◆ Directions
Restate the last part of the records below word for word, beginning at the line with "Some of the words" and ending at the final line.

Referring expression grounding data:
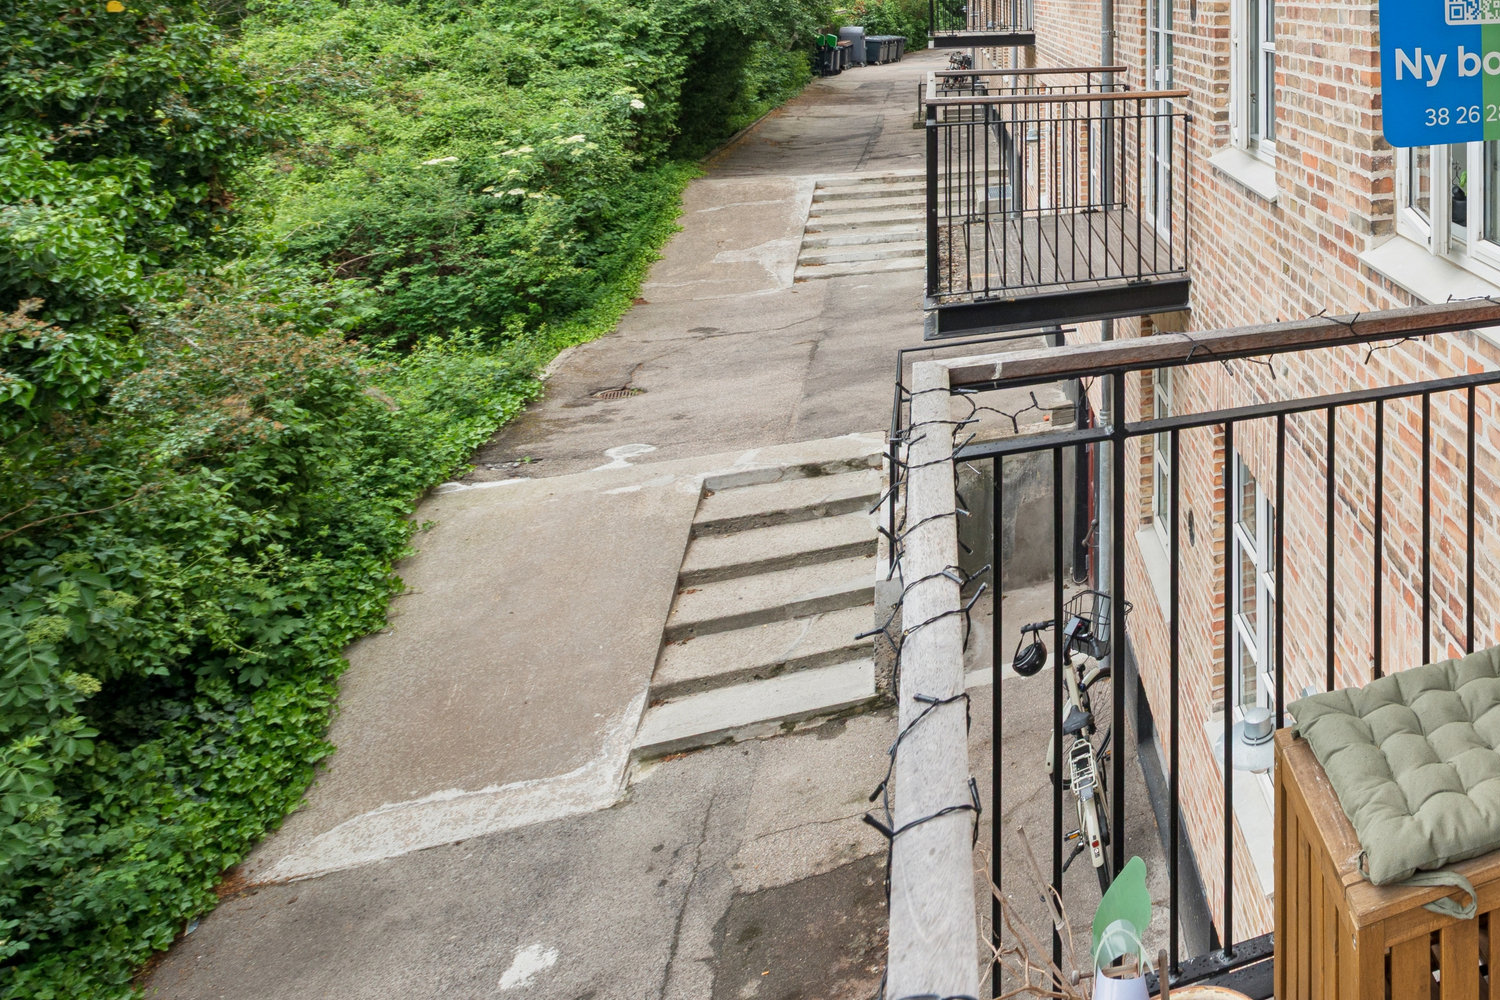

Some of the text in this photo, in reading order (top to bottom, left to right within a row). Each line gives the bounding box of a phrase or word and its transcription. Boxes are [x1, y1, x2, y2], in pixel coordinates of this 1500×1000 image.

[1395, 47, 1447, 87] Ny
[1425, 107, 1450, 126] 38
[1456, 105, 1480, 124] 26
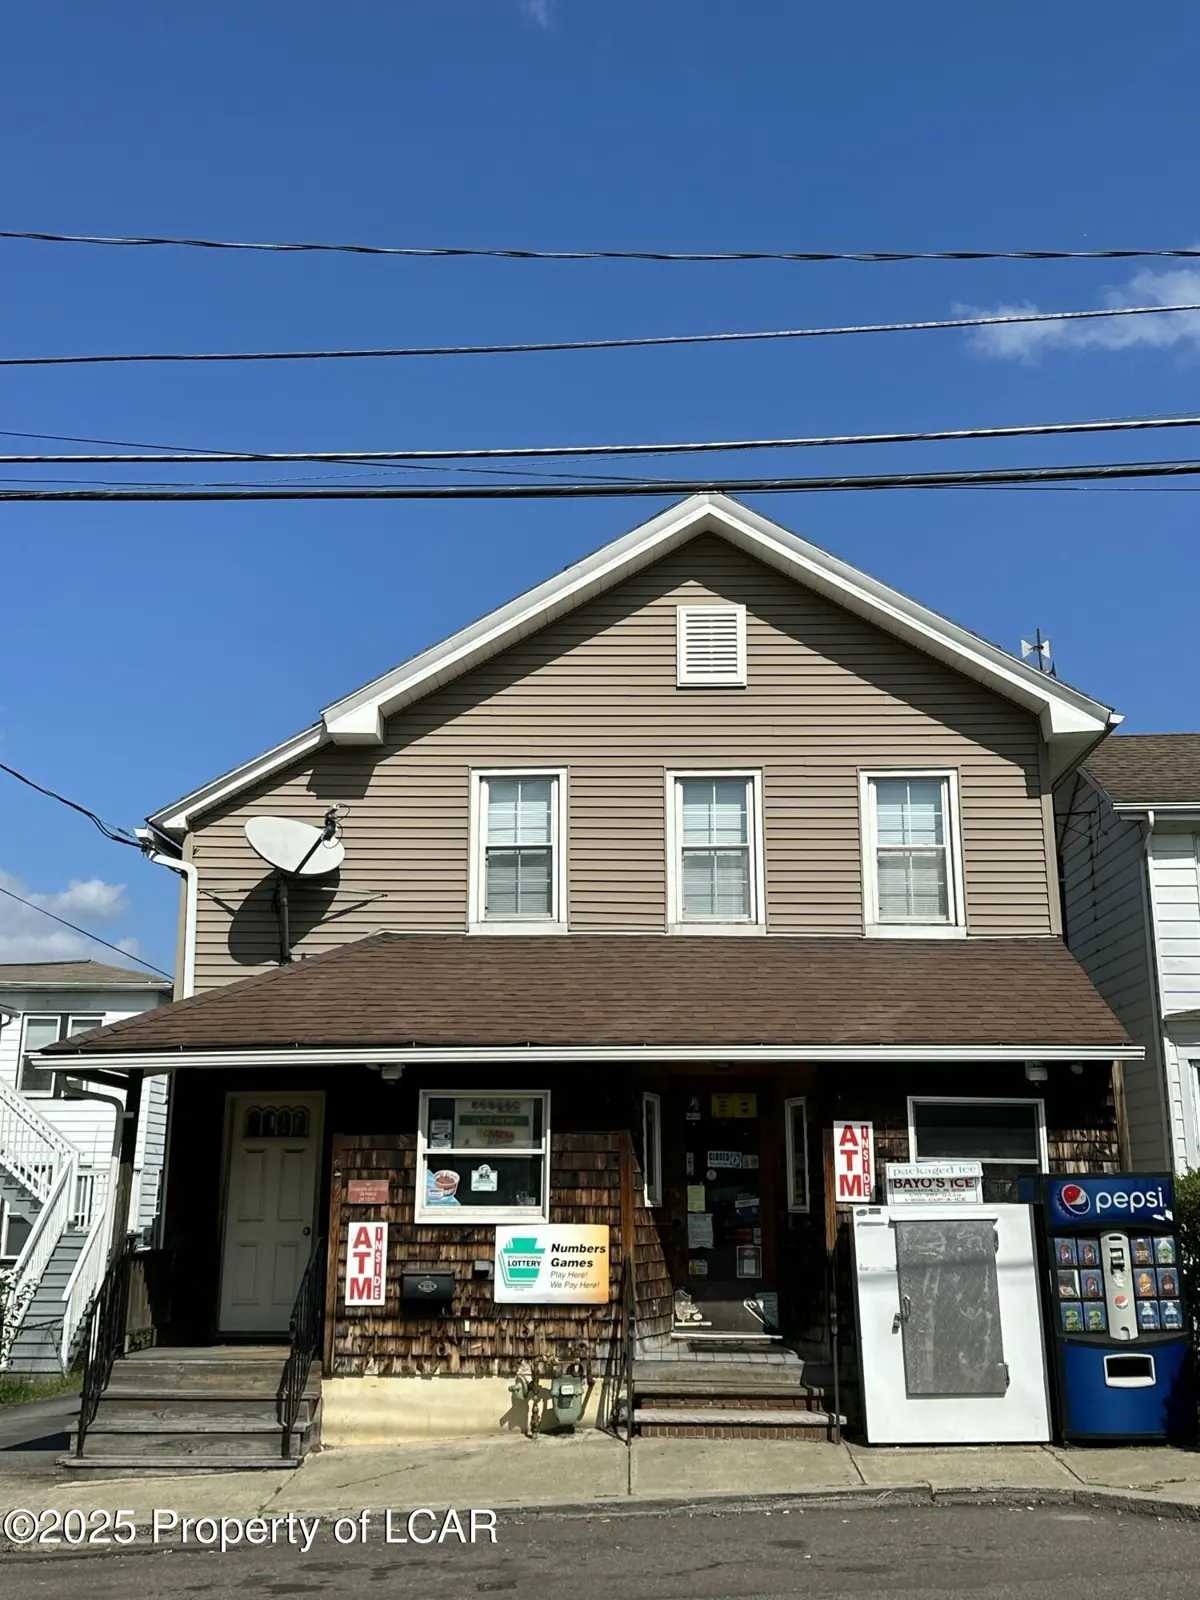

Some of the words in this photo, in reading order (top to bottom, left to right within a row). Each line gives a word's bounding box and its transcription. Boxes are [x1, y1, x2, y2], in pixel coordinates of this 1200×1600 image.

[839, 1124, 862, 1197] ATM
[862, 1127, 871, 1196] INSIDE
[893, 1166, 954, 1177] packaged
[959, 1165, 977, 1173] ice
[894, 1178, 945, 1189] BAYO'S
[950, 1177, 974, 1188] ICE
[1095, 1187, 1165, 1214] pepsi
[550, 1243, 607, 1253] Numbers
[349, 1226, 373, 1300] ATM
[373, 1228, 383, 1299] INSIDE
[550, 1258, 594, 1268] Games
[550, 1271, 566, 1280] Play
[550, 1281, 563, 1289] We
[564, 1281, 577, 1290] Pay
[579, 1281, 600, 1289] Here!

◆ Response to this task
Some of the words in this photo, in reading order (top to bottom, left to right within a row). Each line gives a word's bounding box and its transcription. Boxes are [x1, y1, x2, y2], in pixel coordinates of this 1200×1600 image.

[839, 1124, 862, 1197] ATM
[862, 1127, 871, 1196] INSIDE
[893, 1166, 954, 1177] packaged
[959, 1165, 977, 1173] ice
[894, 1178, 945, 1189] BAYO'S
[950, 1177, 974, 1188] ICE
[1095, 1187, 1165, 1214] pepsi
[550, 1243, 607, 1253] Numbers
[349, 1226, 373, 1300] ATM
[373, 1228, 383, 1299] INSIDE
[550, 1258, 594, 1268] Games
[550, 1271, 566, 1280] Play
[550, 1281, 563, 1289] We
[564, 1281, 577, 1290] Pay
[579, 1281, 600, 1289] Here!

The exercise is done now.